▶ PROBLEM TO WORK ON: Pictures must be kept out of the copy. Every entry is to be duplicated exactly.

[Stored data entries]
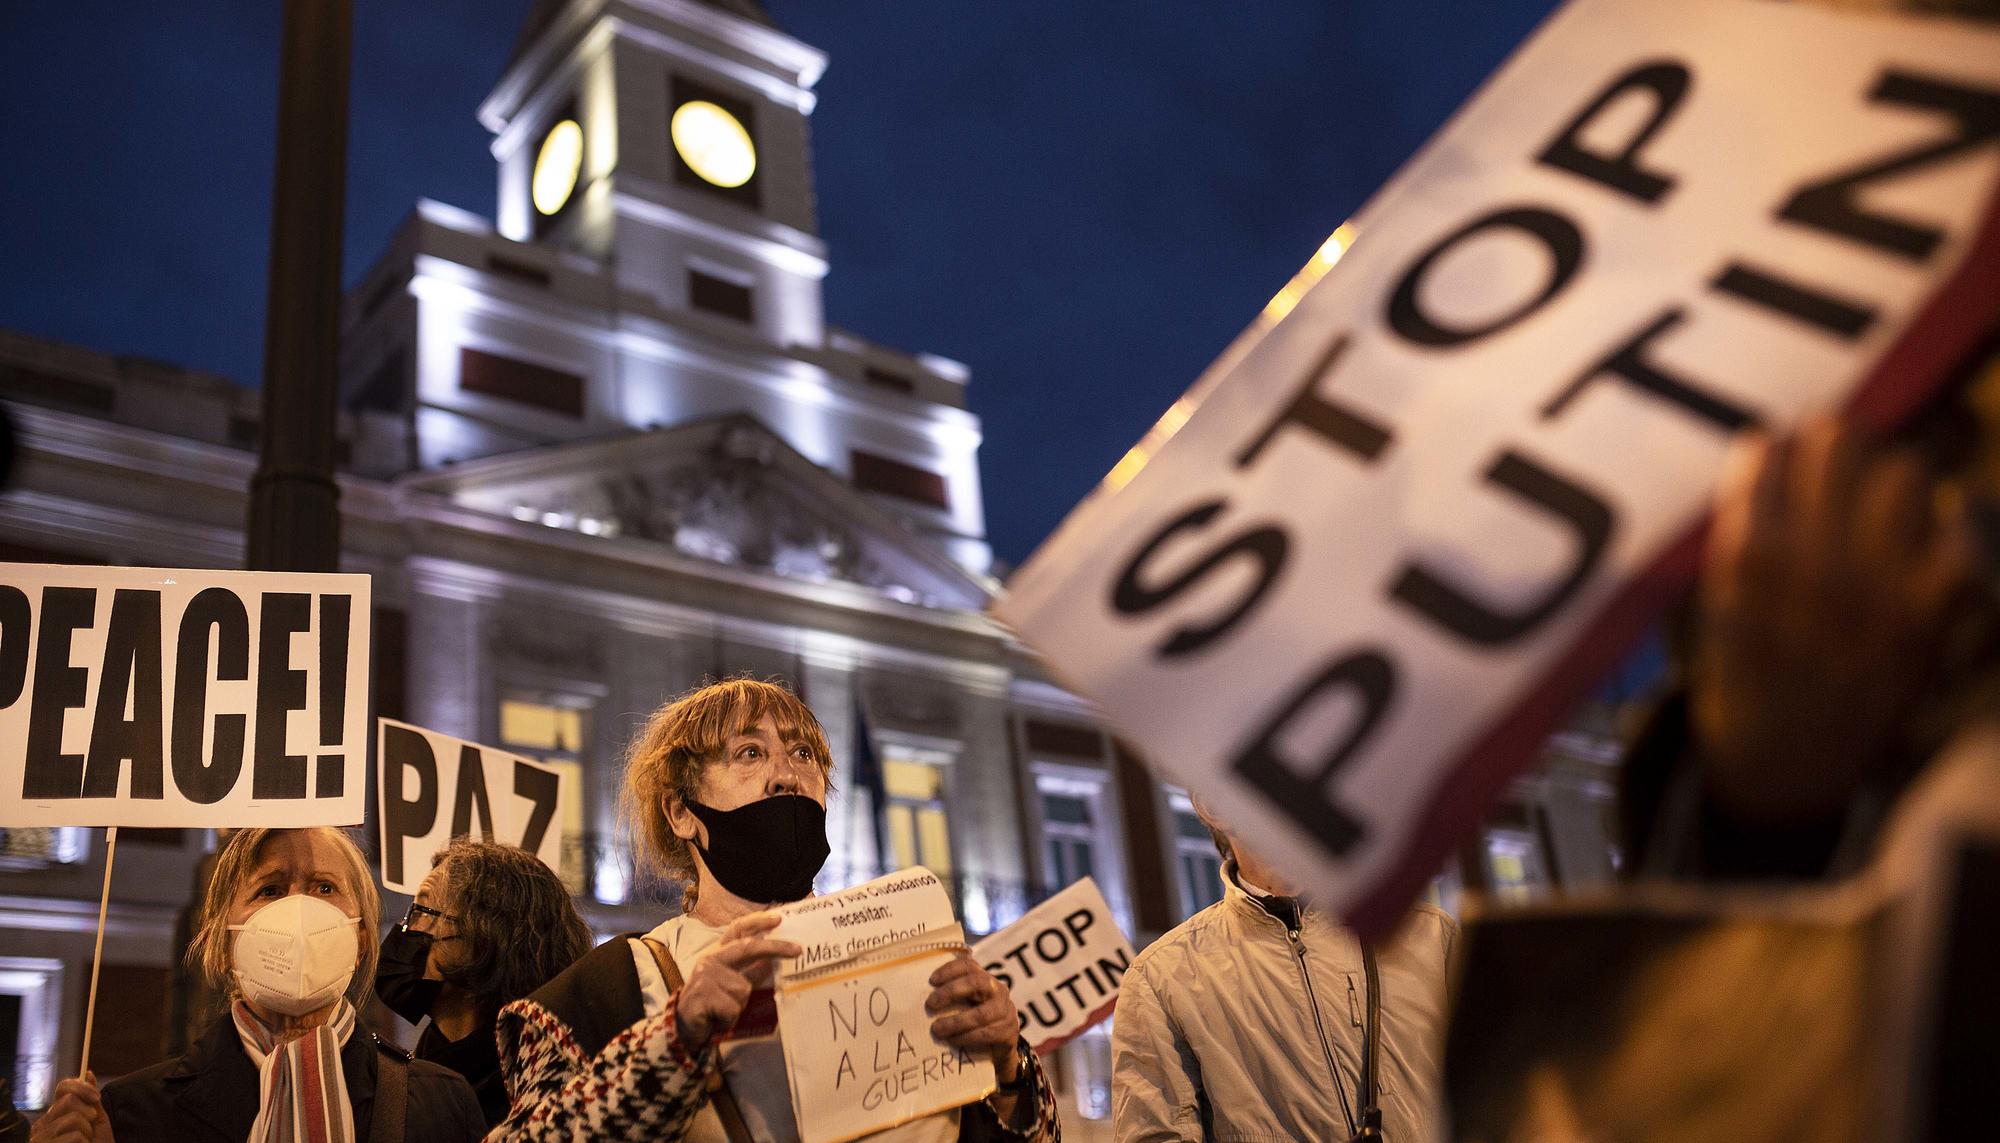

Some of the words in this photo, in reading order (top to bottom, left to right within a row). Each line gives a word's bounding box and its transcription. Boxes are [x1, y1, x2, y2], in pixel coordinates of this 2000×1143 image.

[1107, 56, 1694, 662] STOP
[1228, 64, 2000, 862] PUTIN
[384, 724, 560, 886] PAZ
[831, 904, 893, 929] necesitan:
[866, 874, 937, 898] Ciudadanos
[984, 908, 1095, 990] STOP
[836, 1050, 856, 1091] A
[873, 1029, 917, 1074] LA
[862, 1044, 976, 1111] GUERRA
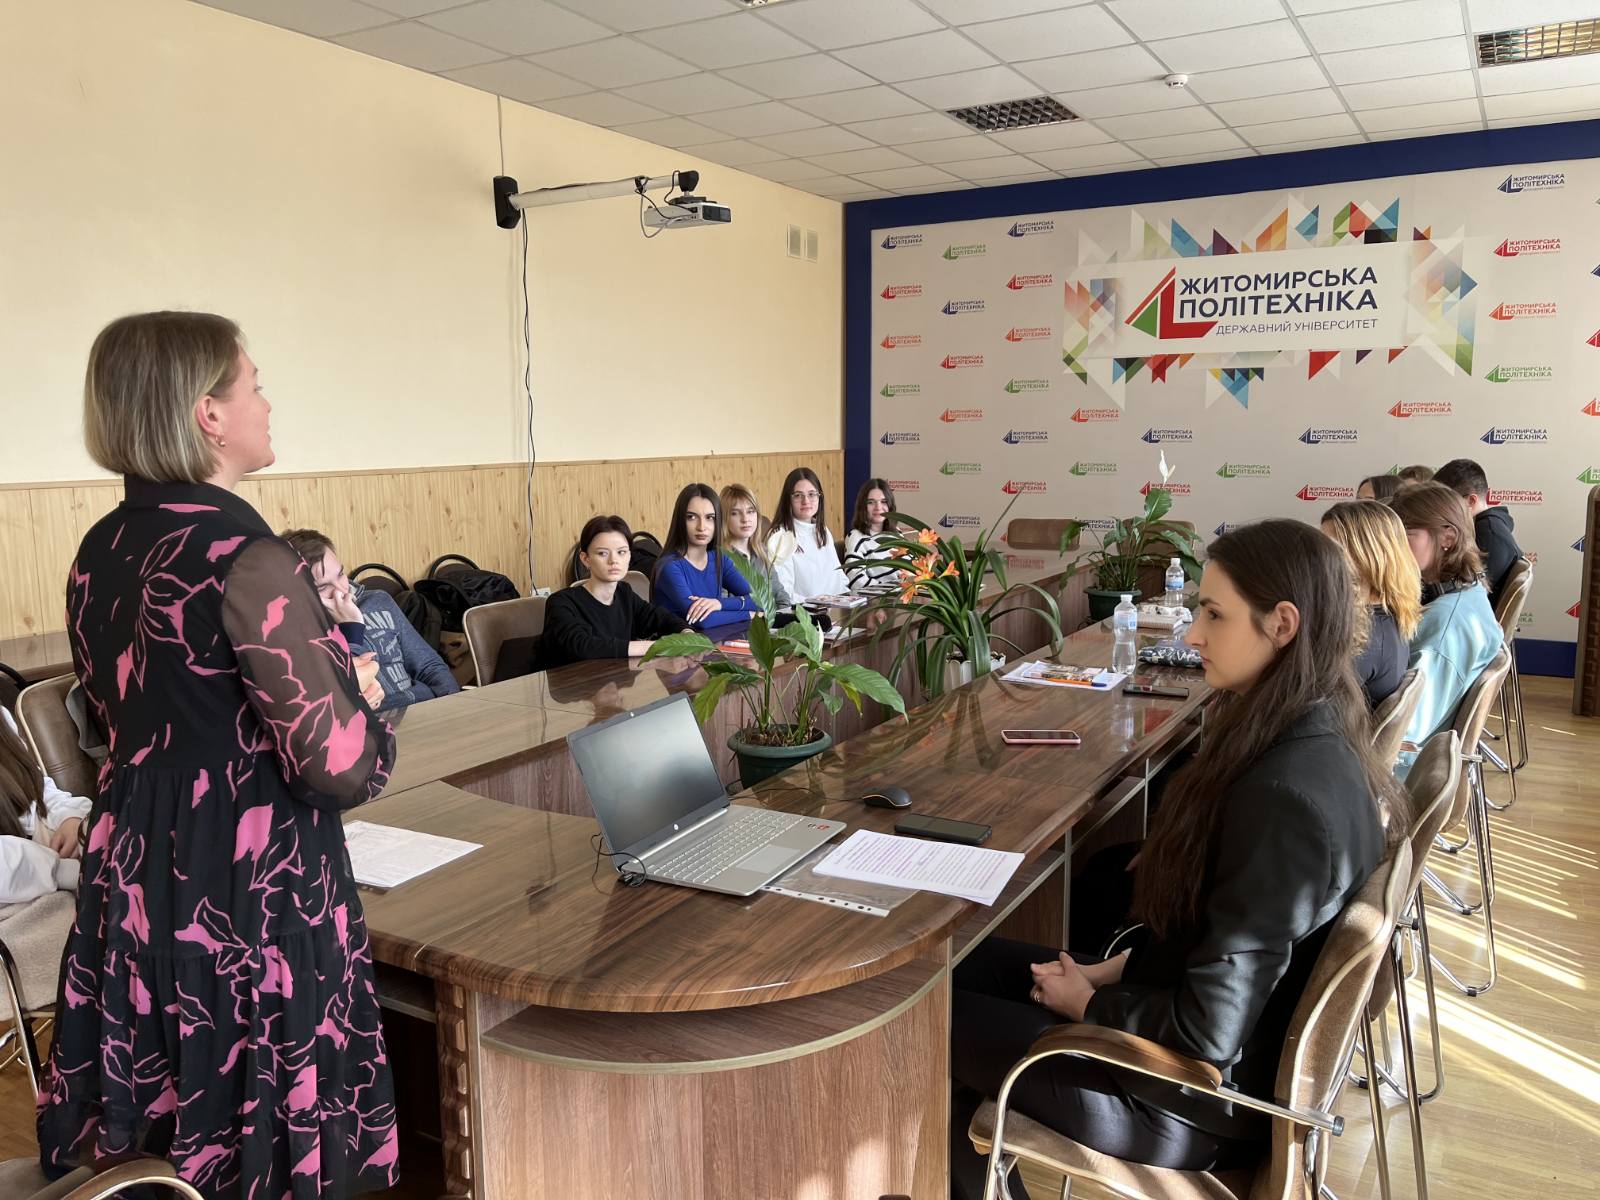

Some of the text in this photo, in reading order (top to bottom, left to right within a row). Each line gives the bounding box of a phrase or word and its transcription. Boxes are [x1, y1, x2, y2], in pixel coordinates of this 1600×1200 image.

[1512, 179, 1565, 187] ПОЛІТЕХНІКА
[1508, 243, 1561, 252] ПОЛІТЕХНІКА
[1180, 267, 1378, 295] ЖИТОМИРСЬКА
[1179, 289, 1377, 319] ПОЛІТЕХНІКА
[1216, 318, 1378, 336] ДЕРЖАВНИЙ УНІВЕРСИТЕТ

▶ FINAL ANSWER:
Some of the words in this photo, in reading order (top to bottom, left to right within a row). Each line gives a word's bounding box and its transcription. Boxes are [x1, y1, x2, y2], in pixel coordinates of this 2000×1143 image.

[1107, 56, 1694, 662] STOP
[1228, 64, 2000, 862] PUTIN
[384, 724, 560, 886] PAZ
[831, 904, 893, 929] necesitan:
[866, 874, 937, 898] Ciudadanos
[984, 908, 1095, 990] STOP
[836, 1050, 856, 1091] A
[873, 1029, 917, 1074] LA
[862, 1044, 976, 1111] GUERRA

Some of the text in this photo, in reading order (top to bottom, left to right within a row). Each line gives the bounding box of a phrase or word and its transcription. Boxes are [x1, y1, x2, y2], in pixel coordinates of this 1600×1200 image.

[1512, 179, 1565, 187] ПОЛІТЕХНІКА
[1508, 243, 1561, 252] ПОЛІТЕХНІКА
[1180, 267, 1378, 295] ЖИТОМИРСЬКА
[1179, 289, 1377, 319] ПОЛІТЕХНІКА
[1216, 318, 1378, 336] ДЕРЖАВНИЙ УНІВЕРСИТЕТ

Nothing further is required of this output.